What Does Self-Censorship Data Show?

In a recent essay, James L. Gibson and Joseph L. Sutherland summarize public opinion research over the past 66 years on responses to the question “Do you or don’t you feel as free to speak your mind as you used to?” They conclude, “Americans are much more likely to self-censor today than in the past.” I don’t think that conclusion is warranted.

Here’s their graphical summary of the data:

Gibson Sutherland Self Censorhip

What the data show is that a greater percentage of people over time (excepting the past five years) tell researchers they feel less free to speak their mind.

But it does not follow from subjects telling researchers that they feel less free to speak their minds that they in fact “are much more likely to self-censor today than in the past.”

Why not?

Stasi Surveillance

Imagine you are an ordinary citizen living in a repressive totalitarian society, such as East Germany in the 1970s. A researcher knocks on your door or calls you on the phone and asks you if you feel free to speak your mind. What will you say? What would most people under those circumstances say? Something like “Yes, absolutely I do,” right?

Would it be reasonable for researchers to conclude from most respondents answering “Yes” that people aren’t self-censoring? Of course not; the respondents are so vigilant about censoring themselves that they’ll self-censor on that topic, too.

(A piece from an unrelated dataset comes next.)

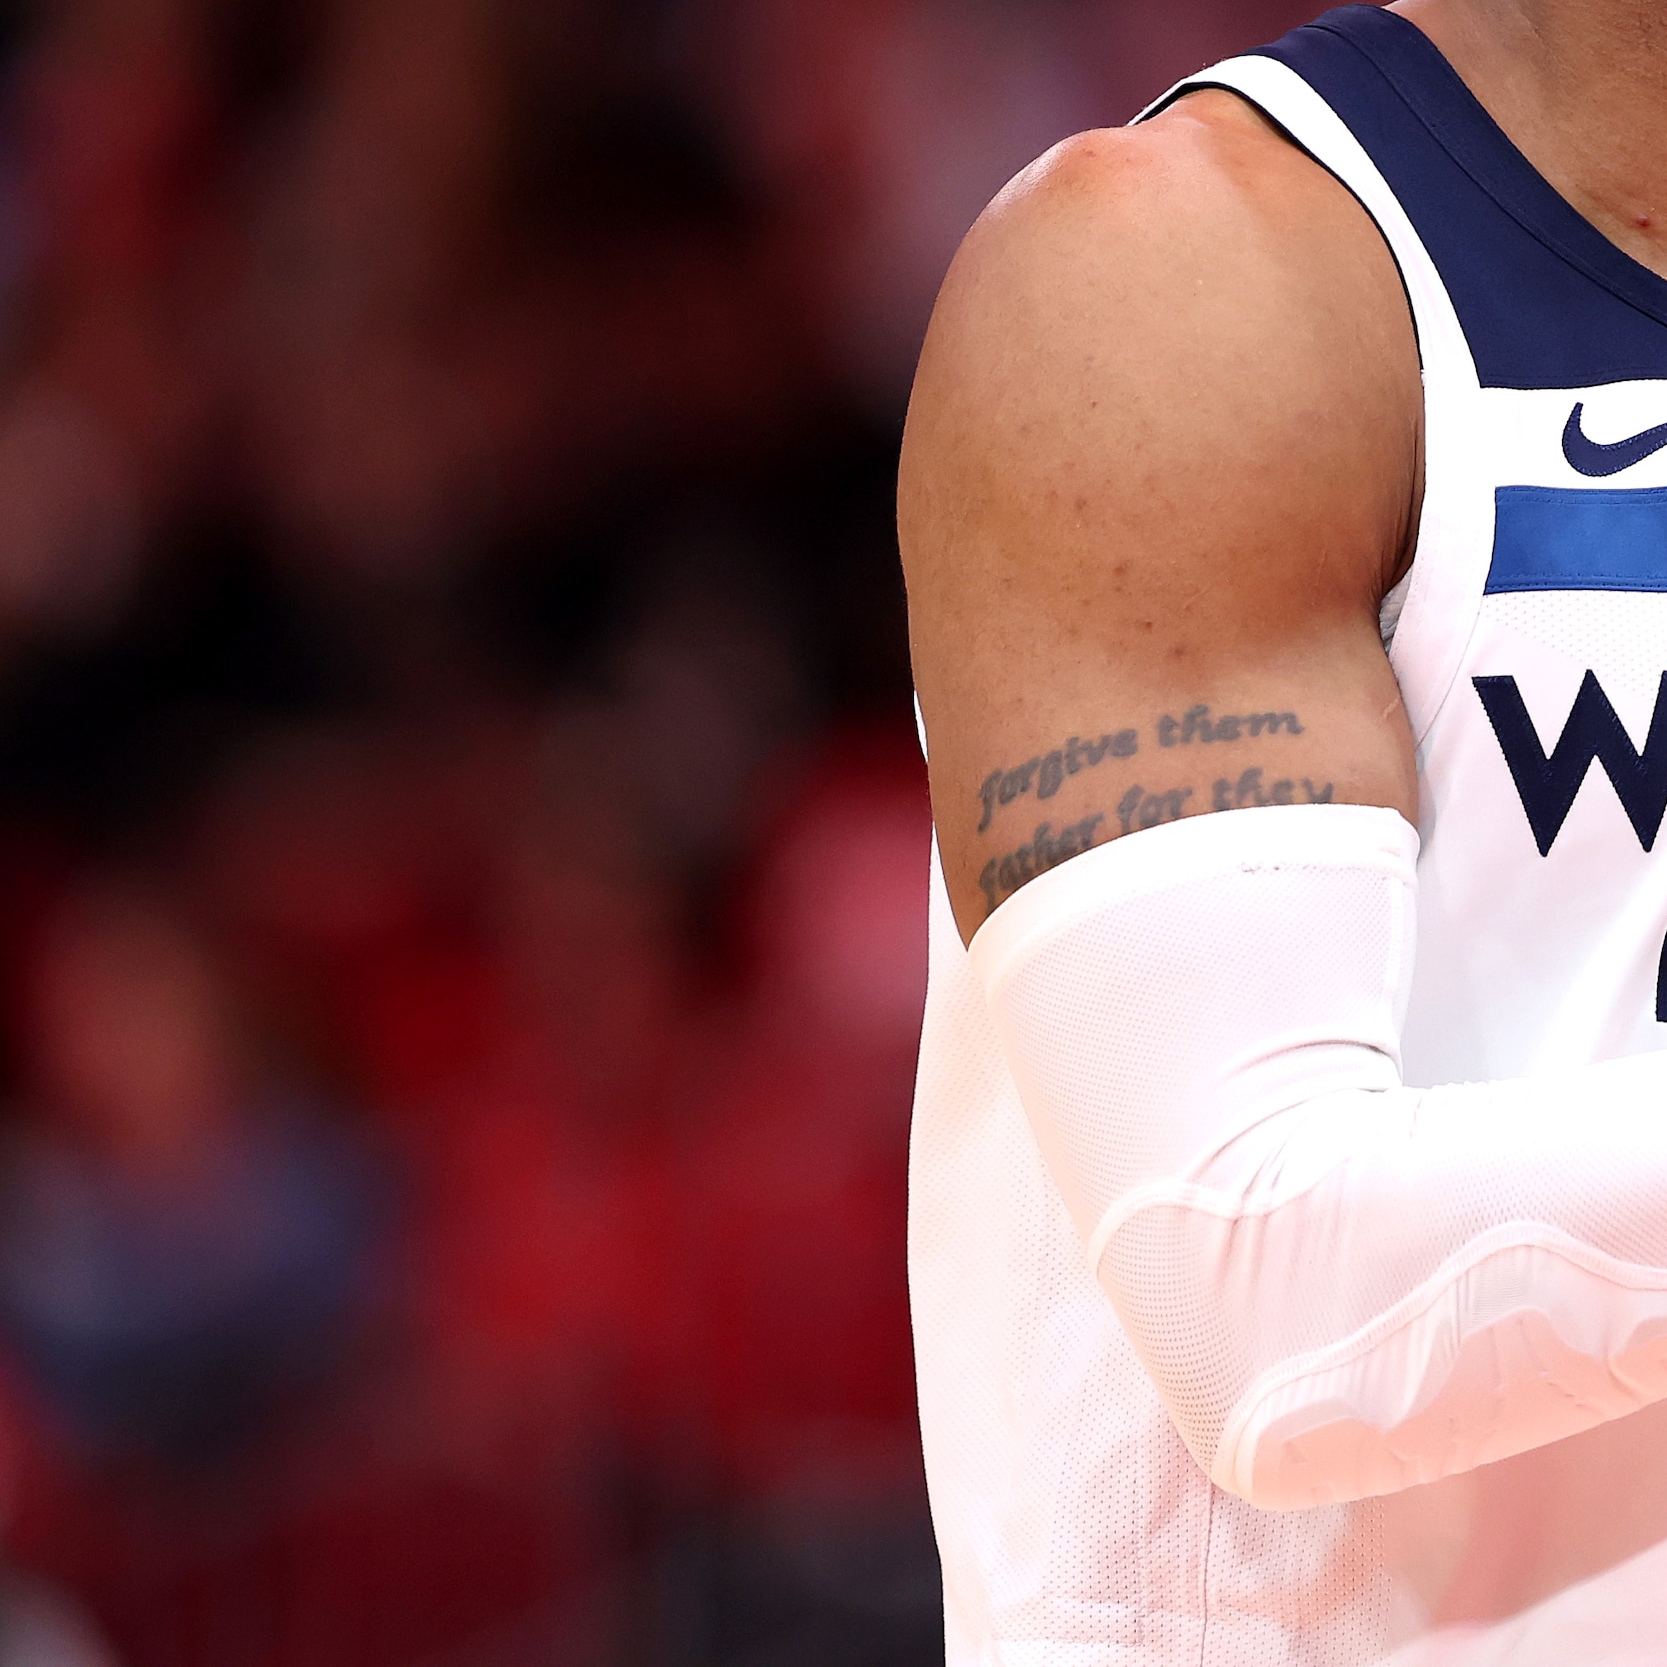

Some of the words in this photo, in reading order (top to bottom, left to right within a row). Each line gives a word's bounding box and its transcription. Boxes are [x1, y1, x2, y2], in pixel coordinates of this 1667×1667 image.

[977, 727, 1139, 833] forgive
[1157, 703, 1305, 748] them
[1117, 783, 1193, 835] for

They’re worried about the consequences of people finding out they have an unpopular or subervsive view others might ostracize or punish them for. (Note that the lowest “self-censorship” rates in the data Gibson and Sutherland cite is from 1954, when the United States had been subject to years of Mcarthyism.)

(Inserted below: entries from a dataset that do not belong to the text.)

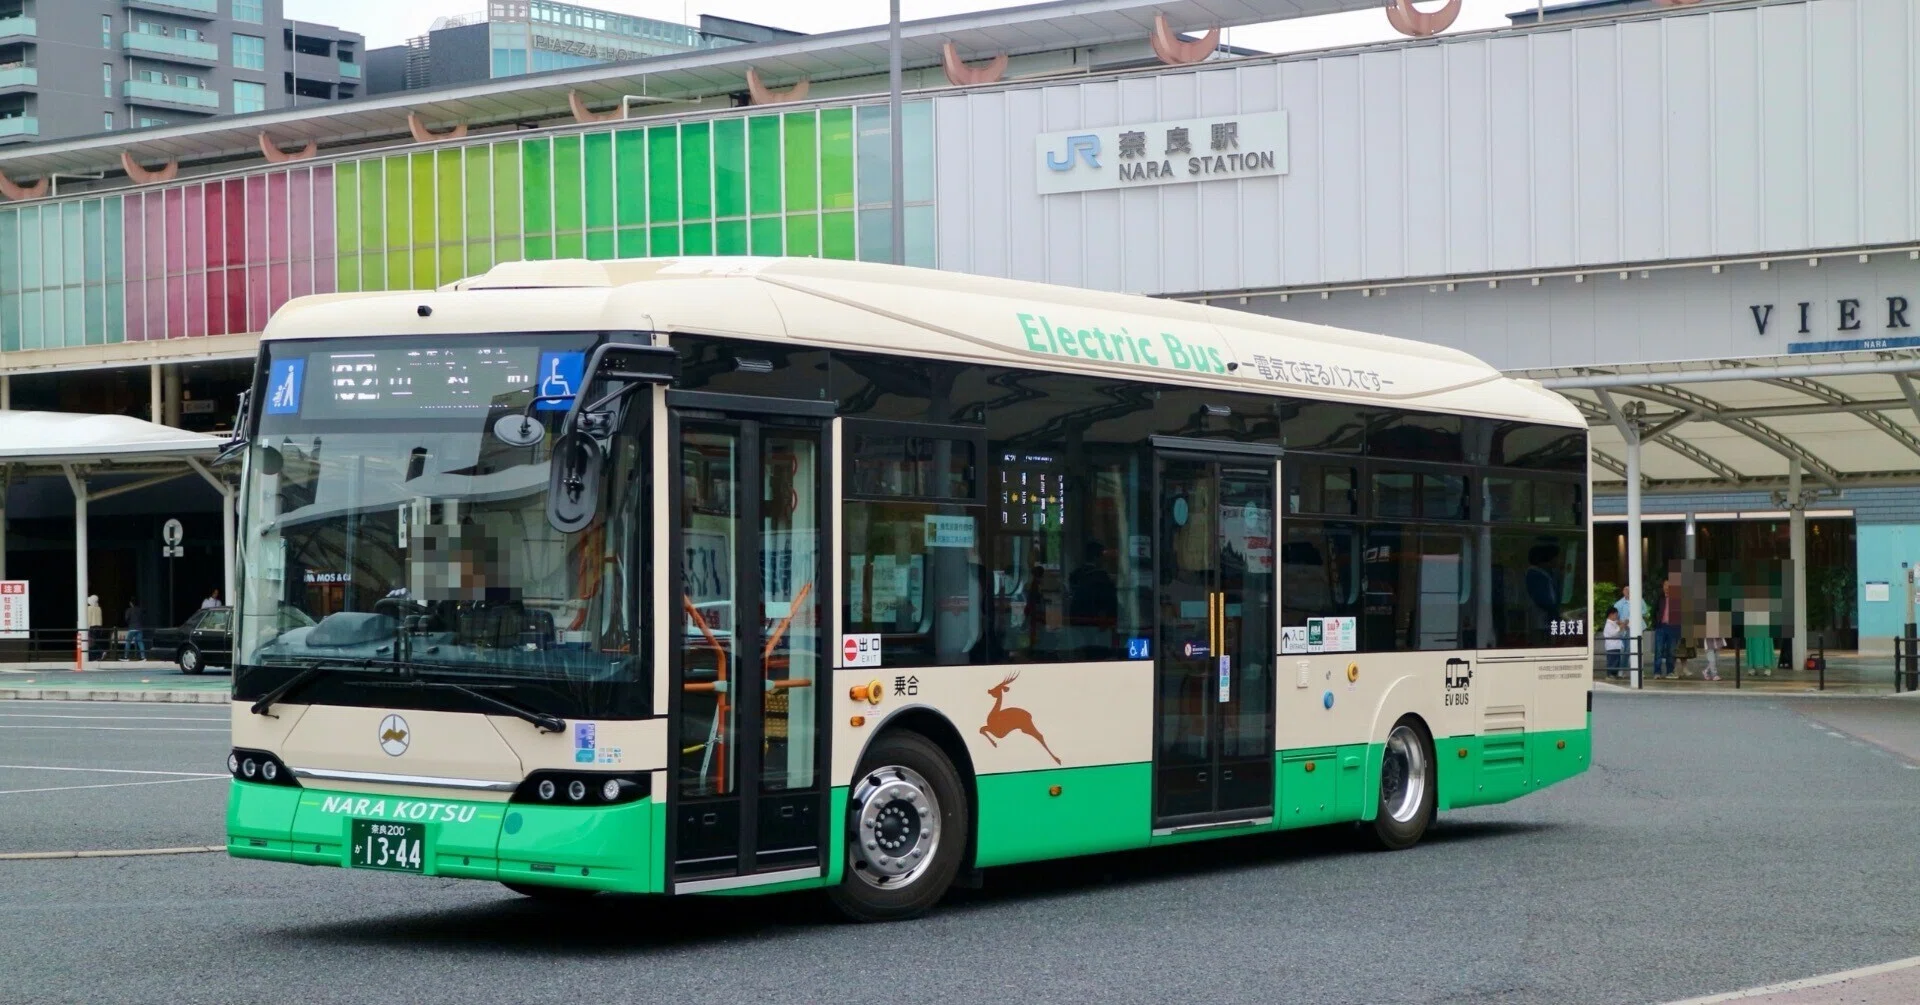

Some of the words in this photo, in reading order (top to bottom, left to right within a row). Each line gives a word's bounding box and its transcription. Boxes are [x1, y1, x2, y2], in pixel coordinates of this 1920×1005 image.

[535, 34, 598, 58] PIAZZA
[1118, 122, 1239, 160] 奈良駅
[1047, 134, 1102, 172] JR
[1119, 160, 1174, 181] NARA
[1188, 151, 1275, 175] STATION
[1016, 313, 1159, 366] Electric
[1161, 332, 1225, 374] Bus
[1863, 340, 1887, 349] NARA
[317, 573, 336, 582] MOS
[1550, 619, 1584, 636] 奈良交通
[859, 637, 880, 652] 出口
[894, 675, 919, 696] 乗合
[1445, 694, 1455, 706] EV
[1455, 693, 1469, 705] BUS
[321, 796, 385, 817] NARA
[392, 801, 477, 823] KOTSU

The lesson is that people have to be sufficiently secure in their own freedom of expression to not censor their admission that they often engage in self-censorship.

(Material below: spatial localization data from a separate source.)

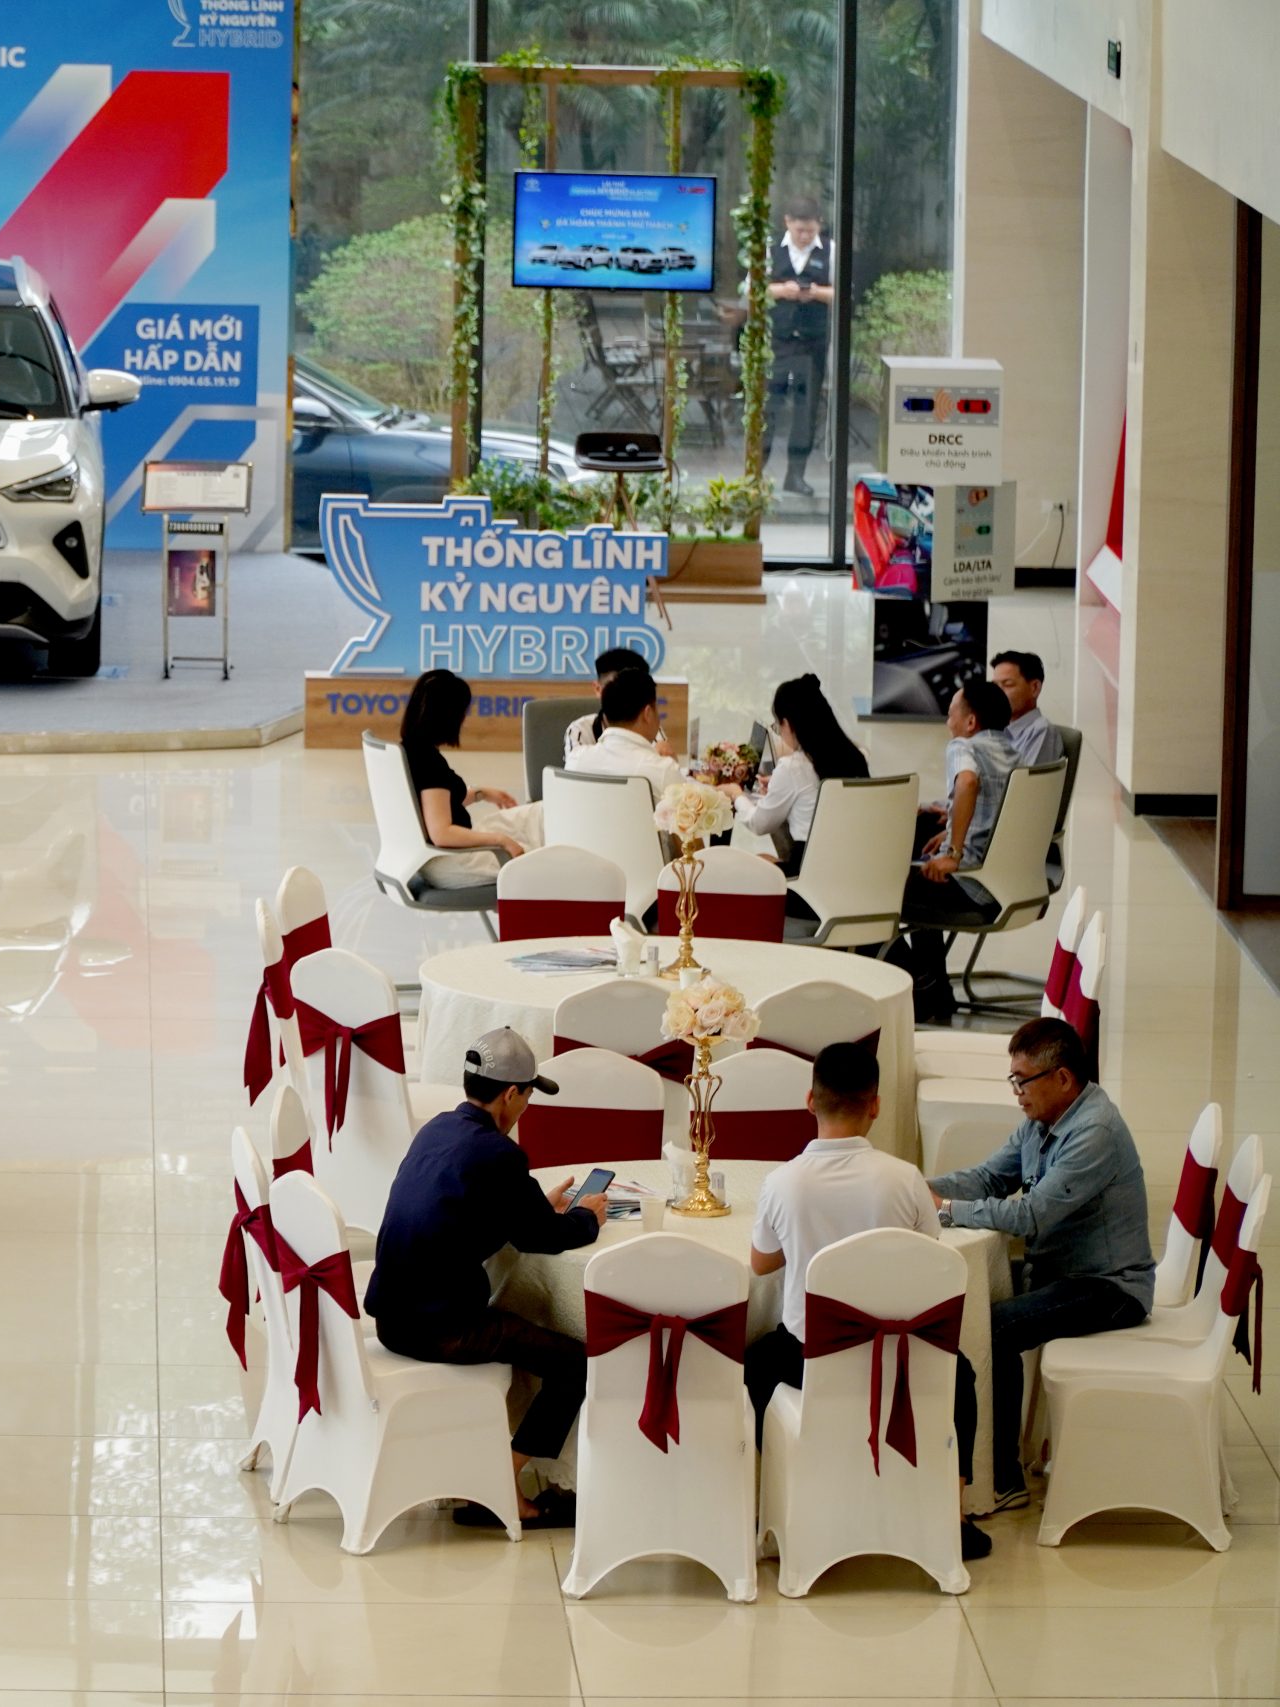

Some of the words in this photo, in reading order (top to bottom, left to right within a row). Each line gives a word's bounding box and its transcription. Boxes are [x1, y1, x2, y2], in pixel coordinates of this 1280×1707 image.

[198, 28, 284, 48] HYBRID
[135, 313, 184, 340] GIÁ
[189, 314, 243, 341] MỚI
[123, 344, 179, 371] HẤP
[184, 341, 242, 372] DẪN
[928, 434, 964, 445] DRCC
[422, 528, 563, 569] THỐNG
[573, 532, 662, 570] LĨNH
[953, 560, 992, 573] LDA/LTA
[421, 571, 472, 612] KỶ
[479, 575, 640, 614] NGUYÊN
[421, 624, 666, 675] HYBRID

This means survey results like the ones Gibson and Sutherland discuss much more difficult to interpret than they make it appear.

Their interpretation of the increase over time in respondents answering “I don’t” to “Do you or don’t you feel as free to speak your mind as you used to?” is that people are more likely to engage in self-censorship now than in the past. But a competing interpretation of those results is that people today are less likely to engage in self-censorship, since they’re less likely to censor their opinion that they feel less free to speak their mind.

Sometimes, what people are saying is in tension with that they are saying it. This might be one of those times.

(Suppose, though, that Gibson and Sutherland are correct that people are more likely to engage in self-censorship now than in the past. What should we think of this? I think the answer will depend, in part, on the explanation for the increase in self-censorship, a topic I hope to take up in a future post.)